Ham Test Help
The following is the way I studied for the ham test. It may not be right for everyone but I think almost anyone could pass using this method. It will work for people that do not have a good background in electronics.
Plan to spend two to three months in preparation prior to your test. You will have to commit a lot of your free time to this.
Get the following materials:
"Now You're Talking", a book by the ARRL, which should come with a set of code tapes or CD. You can buy it new or used. My copy was from the 80's and still was good enough.
Now You're Talking
Download and print out the Ham Test Exam Pool. I would recommend studying for both the Technician and General tests.
Ham Test Exam Pool
- Download the morse code tutor "Morsecat". Figure out how to get it to work with headphones or an earphone. I used an old computer with Windows 3.1 and connected a headphone jack to the speaker.

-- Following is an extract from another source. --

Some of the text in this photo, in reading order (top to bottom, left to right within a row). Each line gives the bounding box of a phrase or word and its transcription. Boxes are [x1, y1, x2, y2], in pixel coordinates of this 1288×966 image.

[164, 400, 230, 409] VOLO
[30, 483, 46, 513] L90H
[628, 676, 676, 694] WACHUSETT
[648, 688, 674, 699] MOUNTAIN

Find a test date and location about two or three months in the future. Write the date, time and location on a piece of paper and tape it up on the wall somewhere where you will see it every day.
ARRL Exam Session Search
Bookmark the following webpage for practice tests:
QRZ Ham Radio Practice Tests
Print out the following website and try to learn the basics of operating procedure.

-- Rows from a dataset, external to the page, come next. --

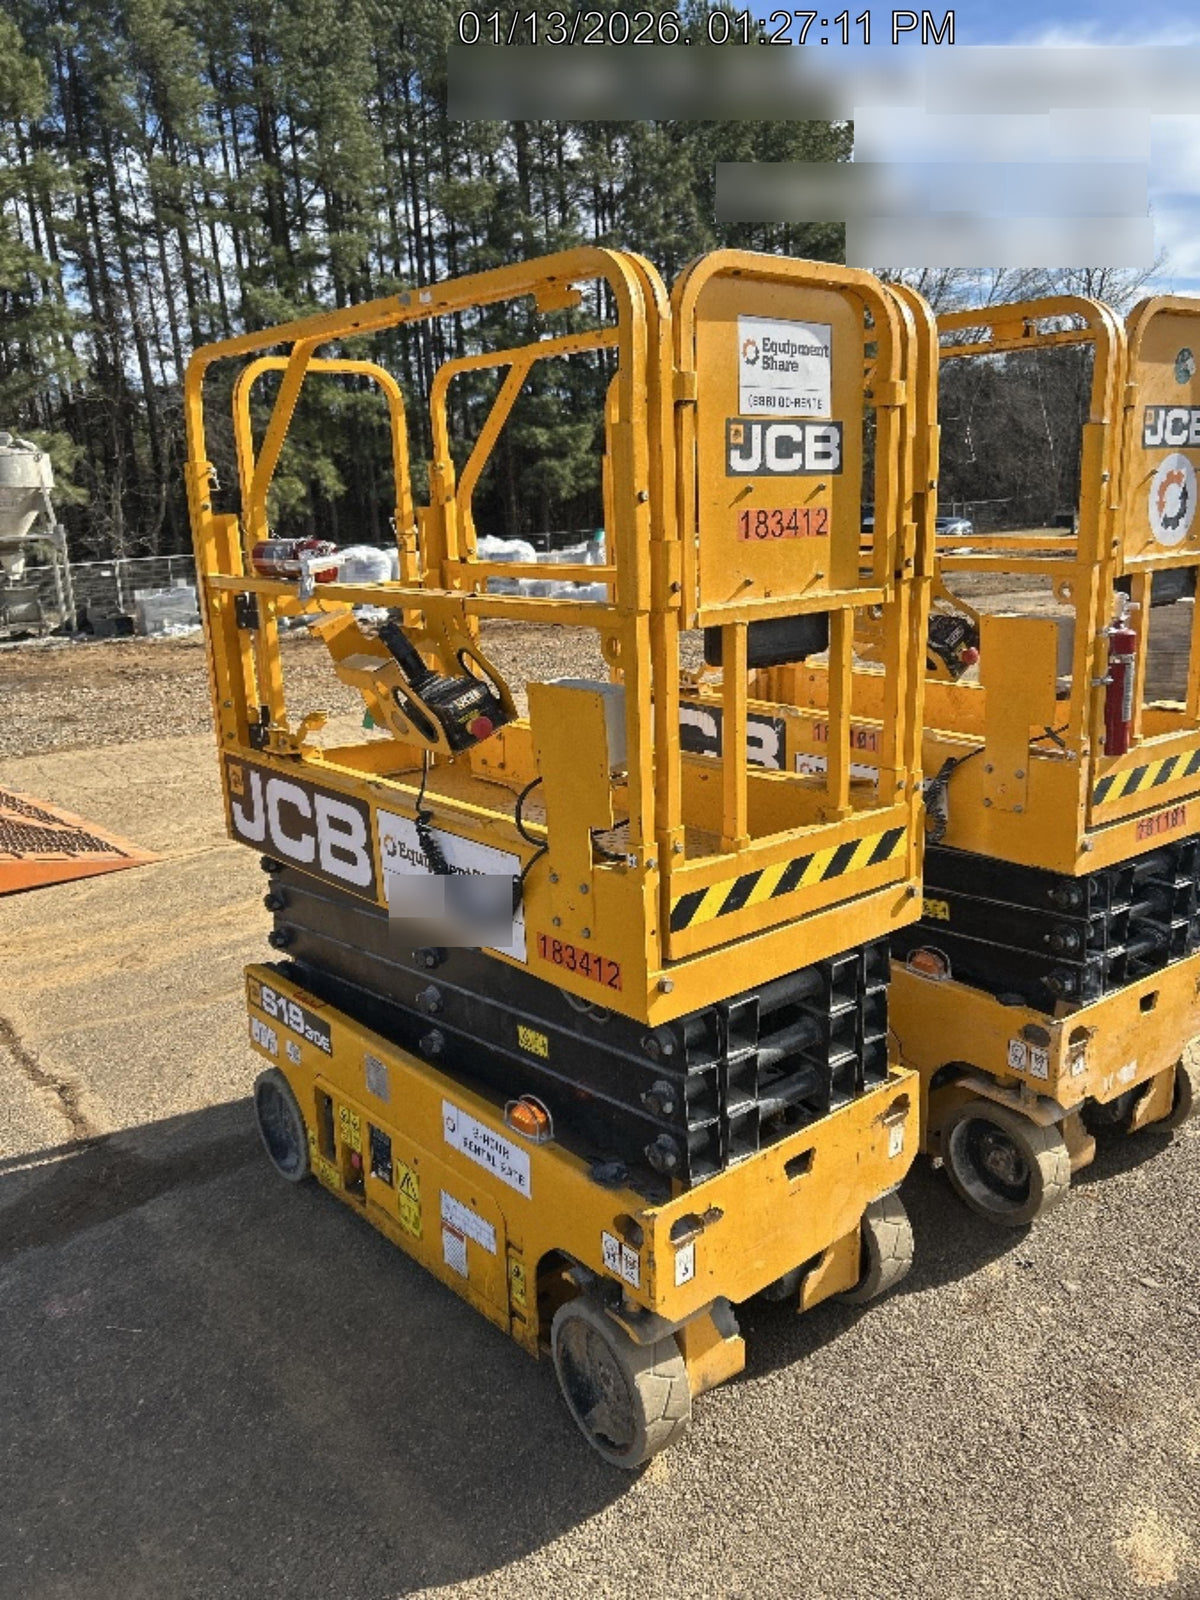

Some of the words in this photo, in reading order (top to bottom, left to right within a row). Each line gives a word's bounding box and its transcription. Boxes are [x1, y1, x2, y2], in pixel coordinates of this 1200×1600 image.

[762, 337, 829, 358] Equipment
[762, 356, 799, 373] Share
[730, 424, 840, 472] JCB
[740, 507, 828, 539] 183412
[231, 770, 372, 887] JCB
[540, 935, 622, 991] 183412

A Beginner's Guide to Making CW Contacts
Look at the bottom of this page for other resources:
Ham Test Help
Repetition, Repetition, Repetition
The things you should be doing every day are learning code, and reading the exam question pools. You should try to set aside an hour or so every day. If you don't have time for an hour, at least try to get some code tape or Morsecat listening in every day. It doesn't hurt to spend extra time on the weekends reading the additional materials.
Start a regular schedule of listening to the CW tape for 15 to 30 minutes a day. Listen to the tape where letters, numbers and prosigns are presented. Go straight through it, even if you can't copy it all. Then start at the beginning again. In the tape they say if you are having trouble, go back and rewind and try again. Don't rewind, just go through the entire tape, even if you are struggling, and when you get to the end of all the characters, start over. Repeat until you have gone through the tape four or five times. You will probably have memorized a lot of the tape.
After going through the tape maybe five times, switch to MorseCat, and go through the 18 lessons. I set up MorseCat for 300 second sessions (5 minutes). I did not change the settings, so they were at 5wpm, no Farnsworth, no variation. When you get through MorseCat's 18 lessons, and you feel pretty good about 5wpm, then go to the code tape and try to copy the example tests. If you still have some time before your exam, increase the wpm in MorseCat and try 10wpm Farnsworth 20wpm.
Learning the Exam Questions
Take your copy of the Technician Exam Questions. Go through each question, and highlight the correct answer. Do this slowly while reading both the question and answers. The first time you should read all the answers. The following times that you read the questions and answers, you should ignore the wrong answers and only read the question and correct answer. Read them slowly, aloud if you can, and think about what they mean. For some questions, it will be very difficult to remember the correct answers, for example the operating frequencies for the various bands. Don't obsess with any single question. Read them, understand them, think about them, and move on. Repetition over time is the key. Try to spend some time every day reading exam questions, even if it is only 15 minutes a day. Every time you get through the test questions, go to the QRZ site and do a few practice tests. By the time of the exam, you should have read the questions through at least five times and done dozens of practice tests.
Go For General
I would strongly recommend that you also study the General Exam. You are going to take the Tech test anyway, so you might as well practice taking the General exam. Who knows, with a little extra study, you might pass elements 1, 2 and 3 and start out as a General license holder, as I did (with a little luck). General license holders have very broad privileges and for many people, General is all many hams will ever need in a license. You can do it!
Research Your Interests
As you study, you should also research areas of interest in ham radio. For me, this was CW procedures, maritime mobile nets, PSK digital, DX, and more. Be curious, try to learn about how the different bands are used, and who has what privileges on each band. Learn about what you think is fun. You should also read through "Now You're Talking" and any other info you can find on the net.
Before the Test
Go through the CW tape with test examples. Know the basic information that is exchanged in a simple QSO. Read through the Tech Exam Questions one last time. Get a good night's sleep and remember, where genius fails, persistance pays off.